Alex Orfinger is Publisher of the Washington Business Journal. After serving as Executive Vice President of American City Business Journals for several years, Alex has returned to the role that first brought him to Washington, DC. He is excited, at this important moment, to help the Business Journal be at the center of conversations around economic recovery, income disparity, systemic racism, and why these issues must matter to the business community. (Click here
to read Alex's letter to readers about his return.)
When Alex arrived in Washington in 1996, most people thought the Washington Business Journal was an oxymoron. The business of Washington was government. That perception was wrong and would dramatically change. Driving that change became Alex's mission. For over two decades as publisher, Alex worked out front and behind the scenes to develop a strong identity for the region's business sector. He built a team to report on the diversity of the business community – the robust commercial real estate but also the nascent tech and venture communities, the retail and restaurant industries, the service sector, and the burgeoning hospitality industry. Government leaders had no special place except when they impacted what happened in business. Alex, along with the scores of people who worked with him, told the stories of companies, the personalities who ran them, and what made leaders tick. This led to strong revenue growth, subscription gains, and a boost in website traffic and resulted in the Washington Business Journal leading the company and outpacing the industry. The core purpose of the Washington Business Journal was to help local business grow by providing leaders with the information they needed to get their work done, including leads, competitive intelligence, and knowledge about who was doing what and with whom.
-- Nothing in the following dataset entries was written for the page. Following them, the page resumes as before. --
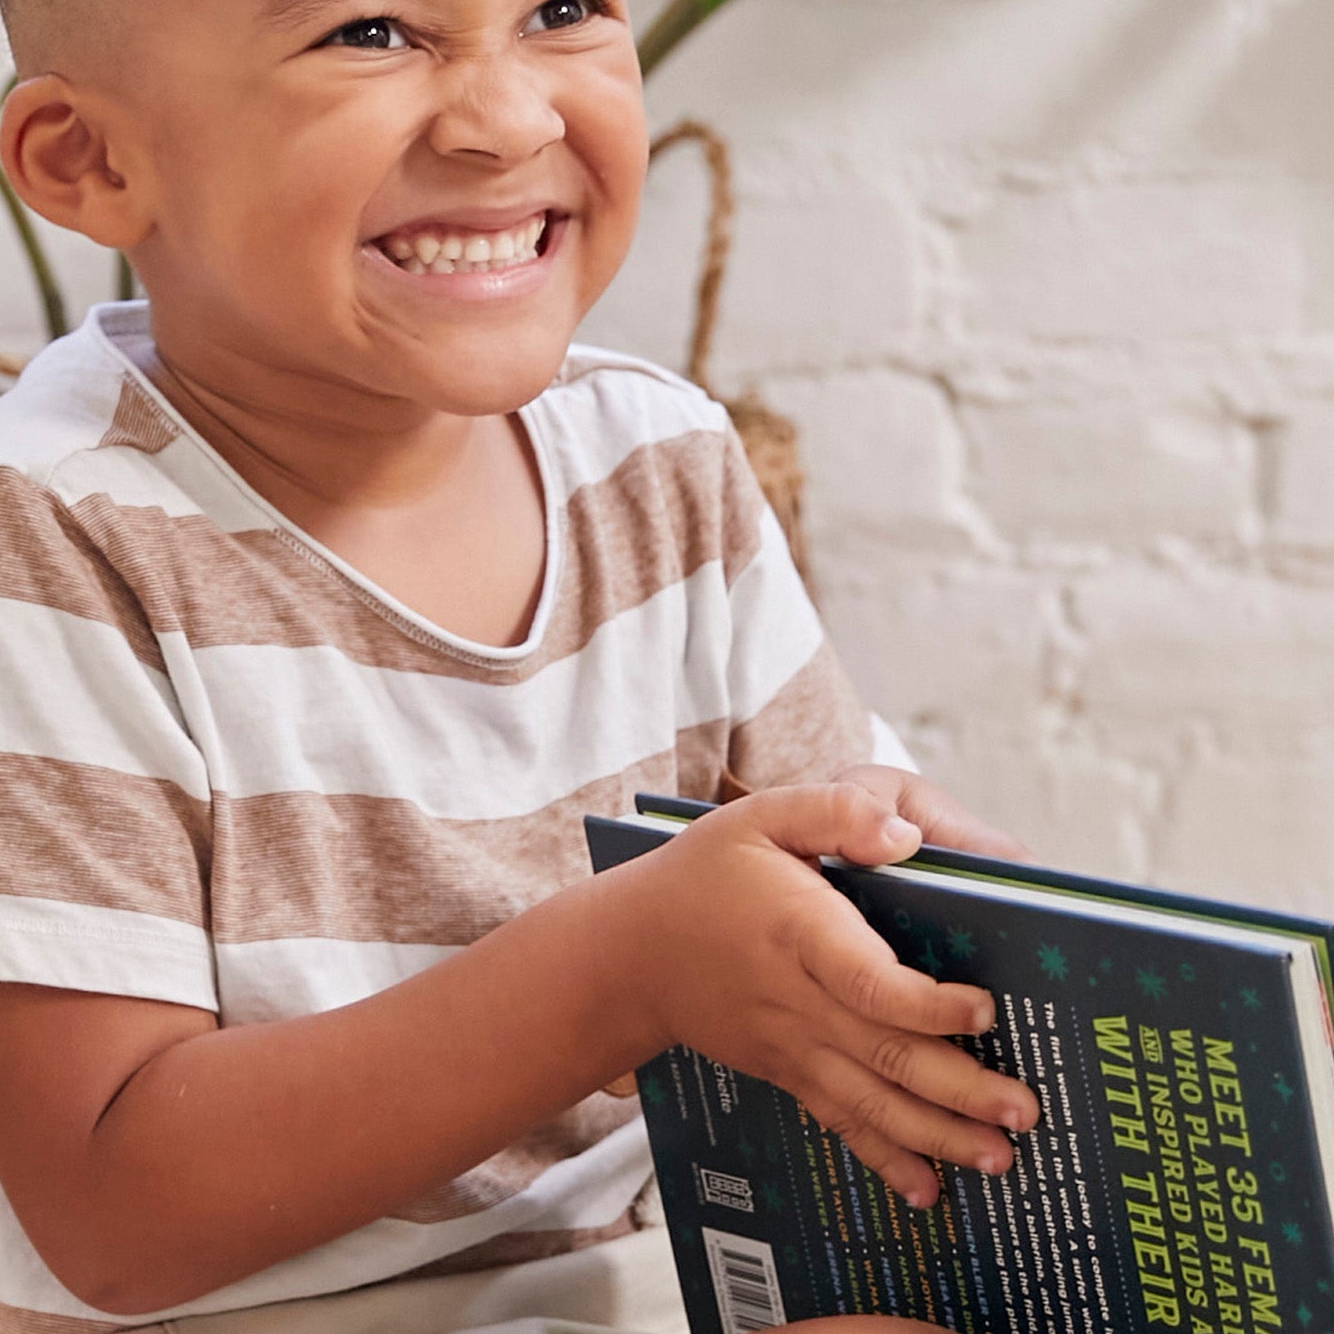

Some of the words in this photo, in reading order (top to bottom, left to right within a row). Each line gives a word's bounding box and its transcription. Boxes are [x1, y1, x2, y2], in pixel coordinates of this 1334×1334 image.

[1022, 996, 1036, 1026] one
[1042, 1000, 1057, 1030] The
[991, 1037, 1003, 1057] an
[1028, 1031, 1046, 1078] tennis
[1048, 1035, 1064, 1066] first
[1142, 1025, 1160, 1063] AND
[1167, 1025, 1204, 1106] WHO
[712, 1062, 734, 1114] chette
[1055, 1072, 1073, 1127] woman
[1090, 1009, 1151, 1155] WITH
[1201, 1035, 1252, 1157] MEET
[1037, 1083, 1056, 1131] player
[803, 1139, 817, 1167] JEN
[1028, 1128, 1046, 1180] landed
[1048, 1136, 1060, 1151] in
[1066, 1131, 1083, 1174] horse
[1145, 1072, 1194, 1224] INSPIRED
[820, 1136, 838, 1185] MYERS
[830, 1188, 849, 1243] TAYLOR
[1038, 1182, 1047, 1191] a
[1052, 1156, 1065, 1181] the
[1182, 1112, 1229, 1245] PLAYED
[809, 1170, 829, 1227] WELTER
[1022, 1199, 1031, 1210] a
[1058, 1186, 1075, 1234] world.
[1074, 1178, 1093, 1228] jockey
[1224, 1165, 1264, 1226] 35
[838, 1136, 854, 1182] ONDA
[848, 1186, 866, 1243] ROUSEY
[863, 1257, 880, 1306] WILMA
[864, 1181, 884, 1241] PATRICK
[880, 1256, 897, 1307] MEGAN
[954, 1176, 977, 1254] GRETCHEN
[969, 1256, 989, 1315] BLEILER
[1067, 1239, 1078, 1252] A
[1085, 1233, 1097, 1250] to
[989, 1226, 1006, 1267] using
[998, 1269, 1013, 1304] their
[1013, 1249, 1024, 1268] on
[1024, 1214, 1046, 1283] ballerina,
[1039, 1194, 1069, 1298] death-defying
[1119, 1166, 1182, 1330] THEIR
[1173, 1230, 1209, 1308] KIDS
[897, 1254, 915, 1305] NANCY
[908, 1221, 925, 1273] JACKIE
[919, 1276, 936, 1322] JOYNE
[936, 1270, 950, 1302] LISA
[951, 1259, 969, 1306] SASHA
[1018, 1271, 1031, 1295] the
[1071, 1257, 1088, 1301] surfer
[1088, 1255, 1111, 1321] compete
[1021, 1298, 1039, 1334] field,
[1039, 1286, 1053, 1315] and
Beyond reporting, the Washington Business Journal brought leaders and business people together, and that's when business generation really grew as if on steroids. No other organization in greater Washington could gather as many senior executives from across the region and across industry sectors as the Washington Business Journal did under Alex's leadership. The events weren't just cocktail receptions; they were places where deals were consummated, connections were made, and regional problems were solved. Live events may be on pause for now, but the idea of bringing people and organizations together to advance business and tackle issues remain a fundamental Business Journal value.
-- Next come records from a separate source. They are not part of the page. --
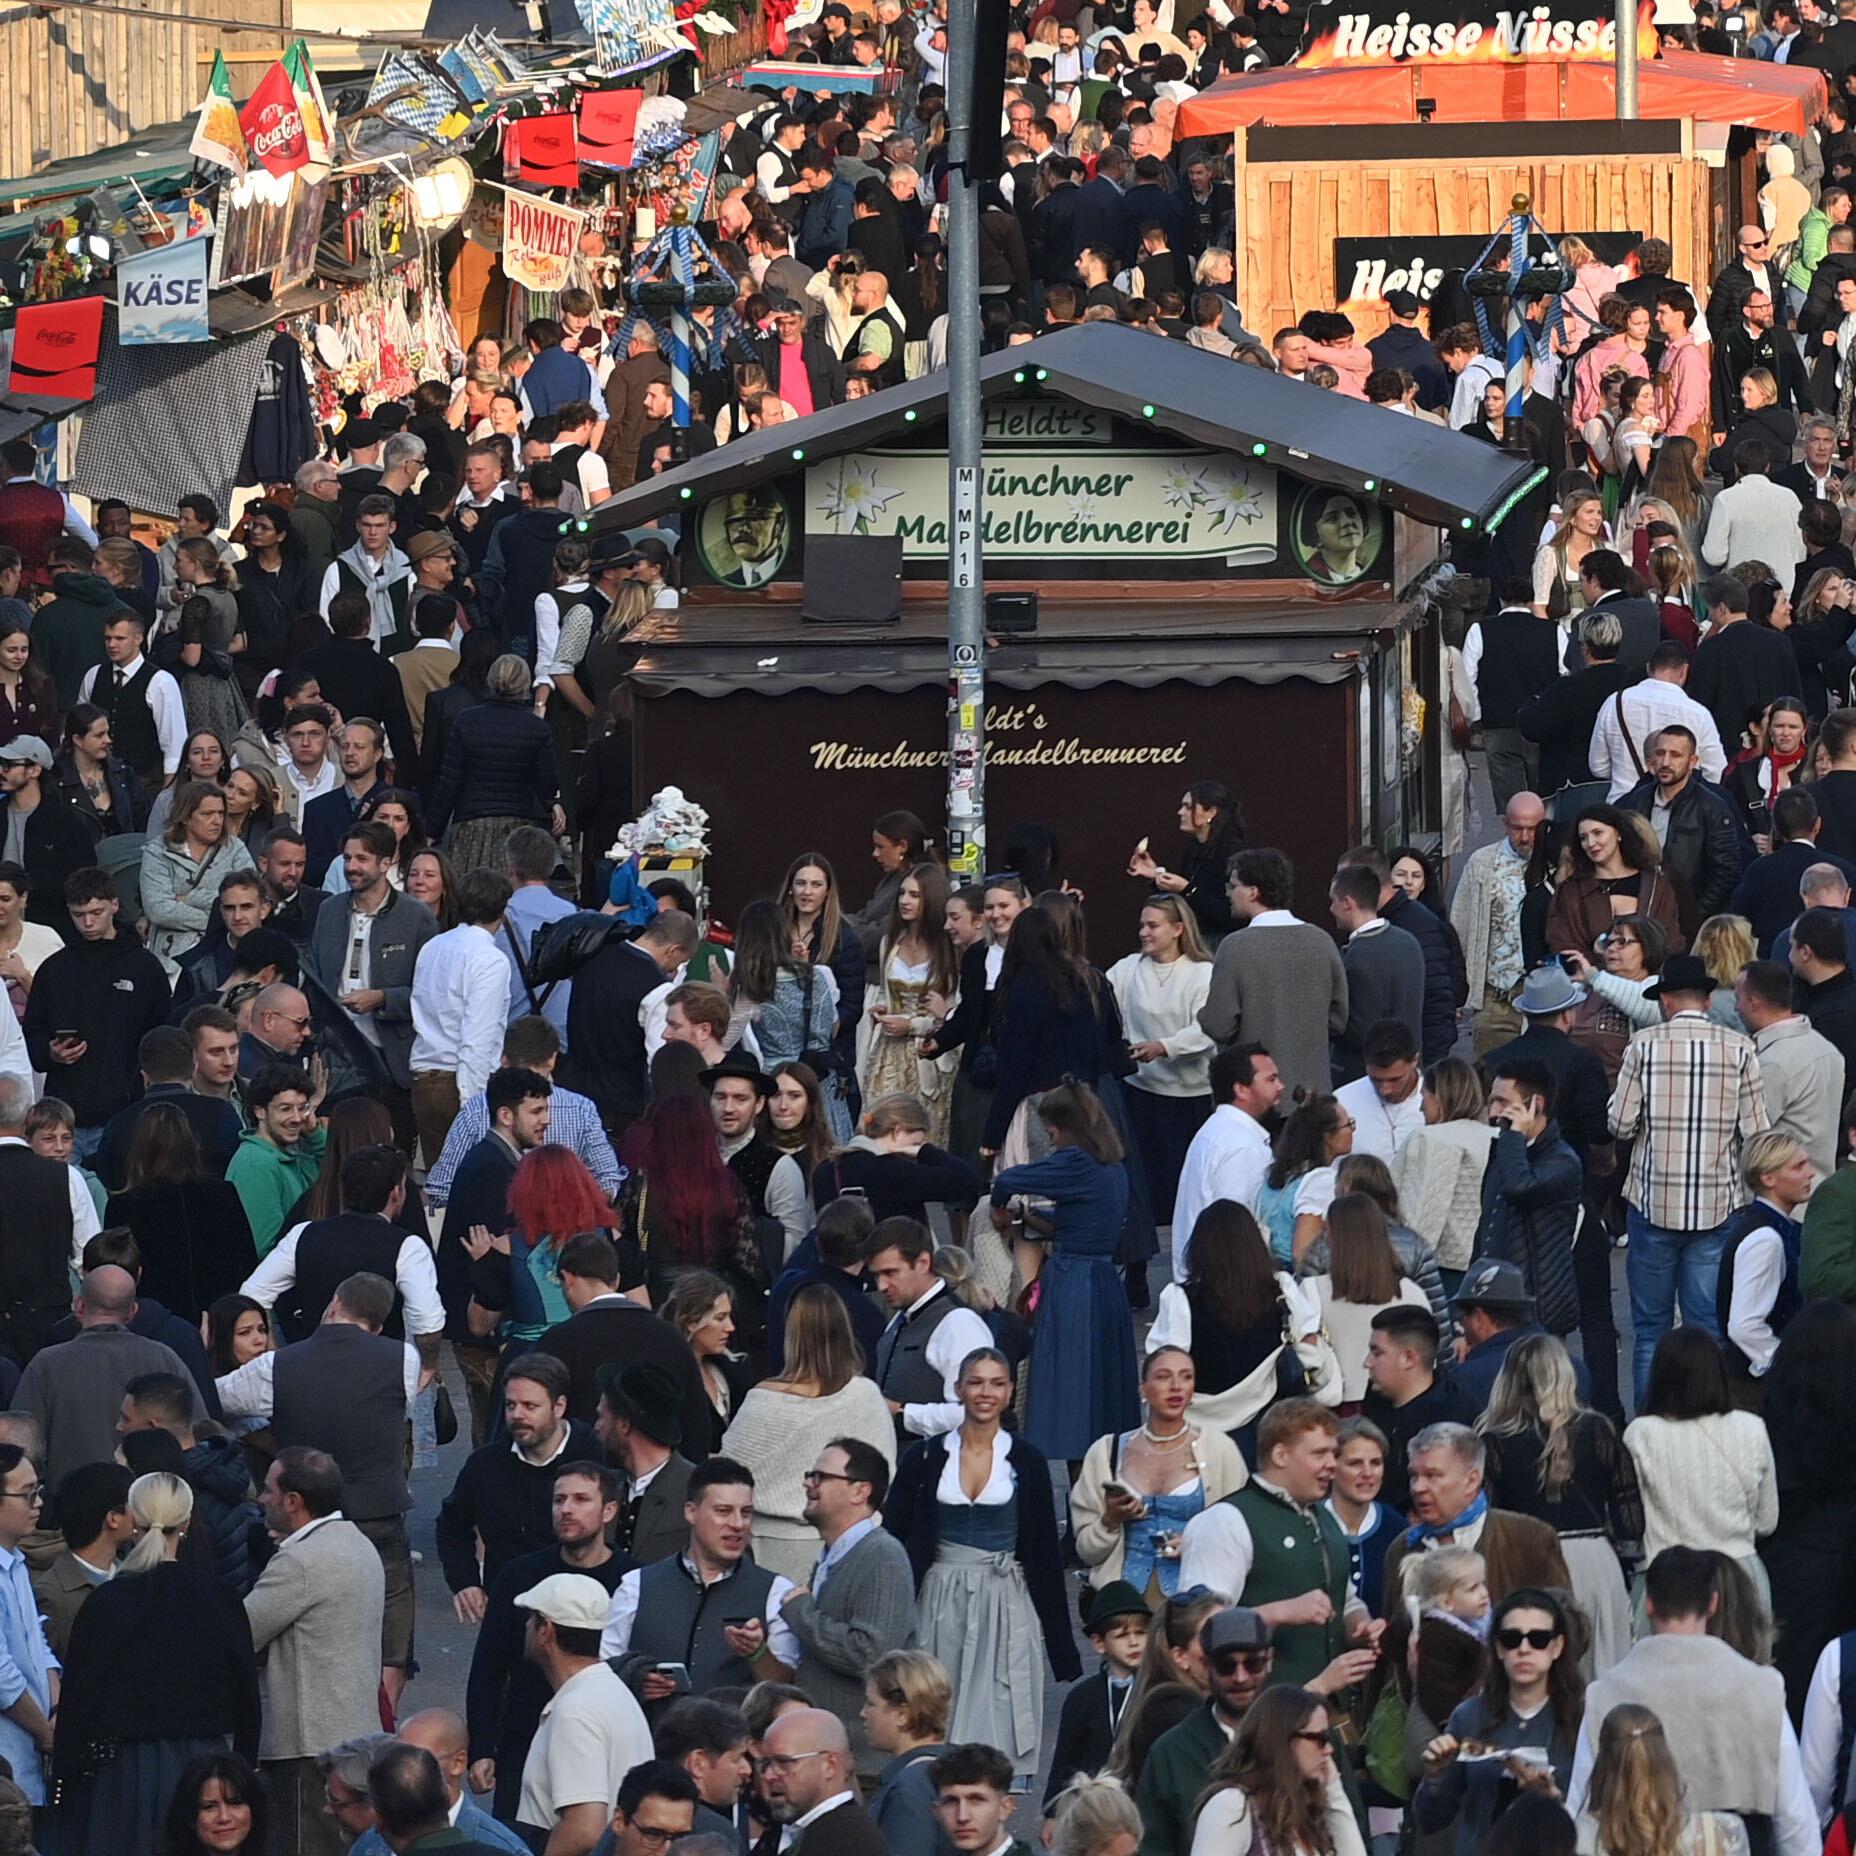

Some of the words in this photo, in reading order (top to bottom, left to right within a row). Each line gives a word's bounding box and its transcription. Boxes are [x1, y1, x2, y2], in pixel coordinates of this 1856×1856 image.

[1333, 11, 1483, 60] Heisse
[1490, 5, 1616, 57] Nüsse
[509, 199, 577, 260] POMMES
[124, 273, 204, 308] KÄSE
[982, 465, 1134, 497] ünchner
[895, 511, 1194, 546] Madelbrennerei
[983, 704, 1048, 731] ldt's
[810, 741, 951, 770] Münchner
Over the last several years and today as he takes up the mantle of Publisher again, Alex is committed to working at the intersection of business and community. He believes the road to economic renewal runs through deeper relationships, connectivity, and leadership and that innovation and entrepreneurship will be front and center as the engine for growth. He shines a light on complex and important social issues business leaders should know and understand. He believes what is good for business is also good for the greater community. Alex is a champion of collaboration and is dedicated to developing relationships that strengthen the connection among business leaders and between the business and philanthropic communities.